Ou seja, cada um de nós deve participar de um trabalho coletivo constituindo-se
numa unidade que se articula com outras unidades para resultar na síntese das
múltiplas determinações que caracteriza a totalidade (realidade concreta) da
educação na perspectiva histórico-crítica. Uma totalidade intencionalmente
construída constituindo, portanto, um sistema (resultado comum intencional de
práticas individuais intencionais) e não simplesmente uma estrutura (resultado
comum inintencional de práticas individuais intencionais).

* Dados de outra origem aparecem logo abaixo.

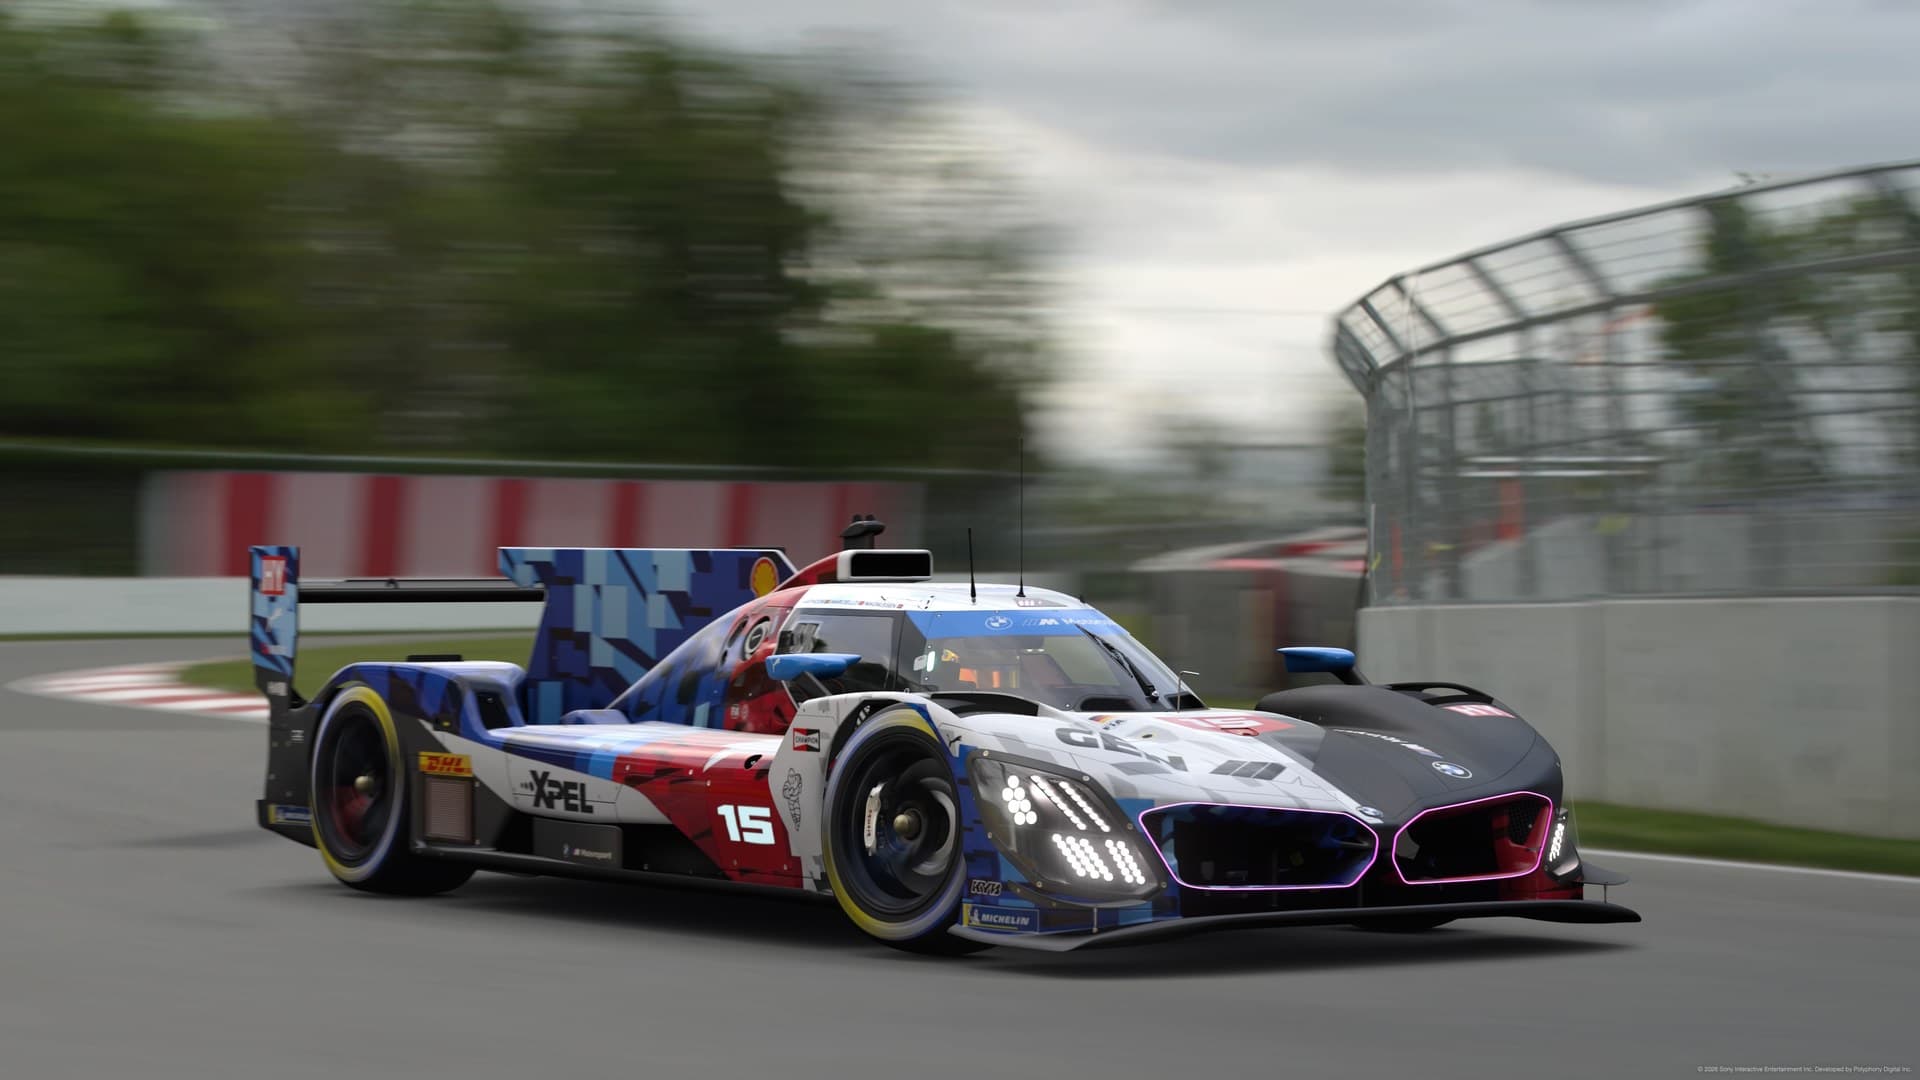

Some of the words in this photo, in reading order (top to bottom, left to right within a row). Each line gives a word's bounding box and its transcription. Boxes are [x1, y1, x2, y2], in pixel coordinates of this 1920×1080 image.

Mas em que consiste a ação coletiva na perspectiva histórico-crítica? É claro


que não se trata de uma ação em que cada um dos membros do coletivo realiza
tarefas específicas com pleno domínio das mesmas, ignorando o que é realizado
pelos demais membros do coletivo como ocorreu na organização fabril na
emergência da Grande Indústria numa sistemática aperfeiçoada pela administração
científica proposta por Taylor e continuada por seus seguidores transferindo-se, daí,
para a administração escolar. Mas é óbvio, também, que não se trata de uma ação
em que todos fazem tudo sem distribuição de tarefas diferenciadas, embora esta
seja uma visão de certo modo disseminada, ainda que tacitamente, entre os
educadores progressistas, inclusive entre aqueles que se posicionam no campo
crítico do marxismo. Impõe-se, portanto, certa divisão de tarefas, do contrário
perderia sentido a própria exigência do trabalho coletivo. O que se exige é que cada
um tenha plena clareza dos fins a atingir e também de que para isso, não apenas
sua tarefa é necessária, mas as de todos os demais integrantes do coletivo. Além
disso, cada um deverá ter clareza, também, do significado e importância dos
conteúdos desenvolvidos pelos demais integrantes para se atingir a finalidade que
move o conjunto das ações, não sendo necessário, obviamente, que cada um tenha
pleno domínio das particularidades envolvidas nas tarefas realizadas pelos demais
membros do coletivo.

29
9) Estamos vivendo uma conjuntura complexa - nas dimensões econômicas,
sociais, políticas, ideológicas e também educacional - com grande impacto
sobre a organização do ensino, com destaque para a BNCC, a militarização de
escolas, o corte dos recursos para a educação e C&T, intervenções nas
universidades etc. Como o senhor avalia a política educacional no Brasil no
período recente, especialmente desde o governo Temer?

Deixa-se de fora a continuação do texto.